Synths, style and mastery
The synth glides almost weightless, nearly carried on the breath of a dream. Published in 1985 on Songs from the Big Chair, Head Over Heels finds a perfectly sewn, simple rhythm. Created with care around a tune that holds your hand without pulling you forward, the song has a warmth uncommon for the decade it came from. Roland Orzabal’s vocal is like a confession draped in music, sincere without being delicate, composed without distance.
The song started as a snippet during early album sessions. Orzabal and Curt Smith explored ideas with producer Chris Hughes, creating moods instead of chasing singles. Head Over Heels arose from that process, flowing directly out of Broken, which appears both as a separate track and a frame for it. The structure lends the track a cyclically feel, as though it has been spinning for a long time before it starts and continues spinning after the fade-out.

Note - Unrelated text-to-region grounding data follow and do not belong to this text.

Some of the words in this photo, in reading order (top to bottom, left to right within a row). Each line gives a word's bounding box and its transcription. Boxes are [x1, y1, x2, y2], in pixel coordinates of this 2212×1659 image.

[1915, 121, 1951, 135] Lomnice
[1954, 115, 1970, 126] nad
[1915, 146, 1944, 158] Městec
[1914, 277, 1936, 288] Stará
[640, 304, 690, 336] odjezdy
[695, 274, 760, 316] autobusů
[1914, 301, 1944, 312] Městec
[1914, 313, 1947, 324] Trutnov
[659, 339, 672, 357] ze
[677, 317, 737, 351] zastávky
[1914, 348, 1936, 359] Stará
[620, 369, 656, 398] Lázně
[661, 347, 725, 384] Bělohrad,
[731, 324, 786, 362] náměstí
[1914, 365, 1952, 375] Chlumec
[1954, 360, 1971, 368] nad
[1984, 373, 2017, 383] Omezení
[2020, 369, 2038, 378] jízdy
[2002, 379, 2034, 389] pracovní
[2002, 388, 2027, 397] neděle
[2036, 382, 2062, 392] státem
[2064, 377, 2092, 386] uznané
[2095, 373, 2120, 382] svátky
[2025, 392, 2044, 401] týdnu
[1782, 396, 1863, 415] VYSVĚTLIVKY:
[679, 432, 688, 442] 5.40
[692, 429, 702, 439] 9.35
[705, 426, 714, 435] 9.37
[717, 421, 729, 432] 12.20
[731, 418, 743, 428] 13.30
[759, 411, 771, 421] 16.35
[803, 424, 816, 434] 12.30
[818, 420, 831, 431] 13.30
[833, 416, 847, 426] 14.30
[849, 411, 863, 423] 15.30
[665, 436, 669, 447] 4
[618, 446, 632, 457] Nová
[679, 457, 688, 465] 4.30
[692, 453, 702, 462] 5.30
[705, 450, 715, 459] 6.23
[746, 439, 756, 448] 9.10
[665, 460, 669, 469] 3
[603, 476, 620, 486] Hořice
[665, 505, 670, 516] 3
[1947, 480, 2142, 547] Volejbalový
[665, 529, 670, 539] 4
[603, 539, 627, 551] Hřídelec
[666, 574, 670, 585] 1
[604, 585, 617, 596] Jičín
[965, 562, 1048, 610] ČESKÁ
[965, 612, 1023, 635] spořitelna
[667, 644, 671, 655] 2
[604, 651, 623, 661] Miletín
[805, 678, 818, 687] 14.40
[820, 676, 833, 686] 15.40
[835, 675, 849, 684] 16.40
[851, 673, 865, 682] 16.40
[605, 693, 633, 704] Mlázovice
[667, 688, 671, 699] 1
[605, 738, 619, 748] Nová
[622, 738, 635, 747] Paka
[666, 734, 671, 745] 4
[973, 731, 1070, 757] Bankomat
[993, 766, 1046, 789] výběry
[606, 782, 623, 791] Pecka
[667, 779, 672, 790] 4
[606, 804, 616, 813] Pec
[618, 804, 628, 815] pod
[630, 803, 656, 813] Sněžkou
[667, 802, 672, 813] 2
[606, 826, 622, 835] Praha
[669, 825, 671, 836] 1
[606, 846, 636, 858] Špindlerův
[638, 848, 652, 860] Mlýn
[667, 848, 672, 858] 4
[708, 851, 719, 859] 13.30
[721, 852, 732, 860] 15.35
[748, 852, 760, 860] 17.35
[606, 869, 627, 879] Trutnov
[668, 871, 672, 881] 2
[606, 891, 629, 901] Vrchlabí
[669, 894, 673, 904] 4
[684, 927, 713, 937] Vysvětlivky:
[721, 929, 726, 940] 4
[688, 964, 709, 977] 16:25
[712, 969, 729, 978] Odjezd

The sense of hung emotion defines the song. With synth textures blooming like slow-motion fireworks and piano chords striking softly but firmly, it reveals itself in regular layers. The manufacturing holds back, leaving opportunity for space and movement. The chorus has a kind of lift that never tips into ecstasy, and the specifics, a breath here, a backup voice there, weight as much as the hook itself. The world of the song feels close, perfect without closing in.
Head Over Heels is probably the closest we’ll ever get to a love song. It’s a love song that kind of goes a bit perverse at the end.
(Roland Orzabal, 1985)
Head Over Heels lacks any sense of urgency. Like a long hallway, time runs through every stanza. The words speak in ellipses and motions, circling topics of connection, doubt, and the understated anguish of wanting more than what words can contain. Orzabal wrote in a manner that separated the lines; this song has some of his most disarmingly candid lines in full view. The honesty is understatement; the exactness of the band’s arrangement and the simplicity of their delivery hold it together.
Later discovered a second life in movies and television, Head Over Heels grew to be a staple on radio and playlists. Through presence, not scale, its reputation developed. The song does not assert anything. Confident in its simplicity, it rests quietly in the ear. Some songs fade with the age from whence they came. Like scent in the cloth, this one lingers, light, obvious, still present well after the space has cleared.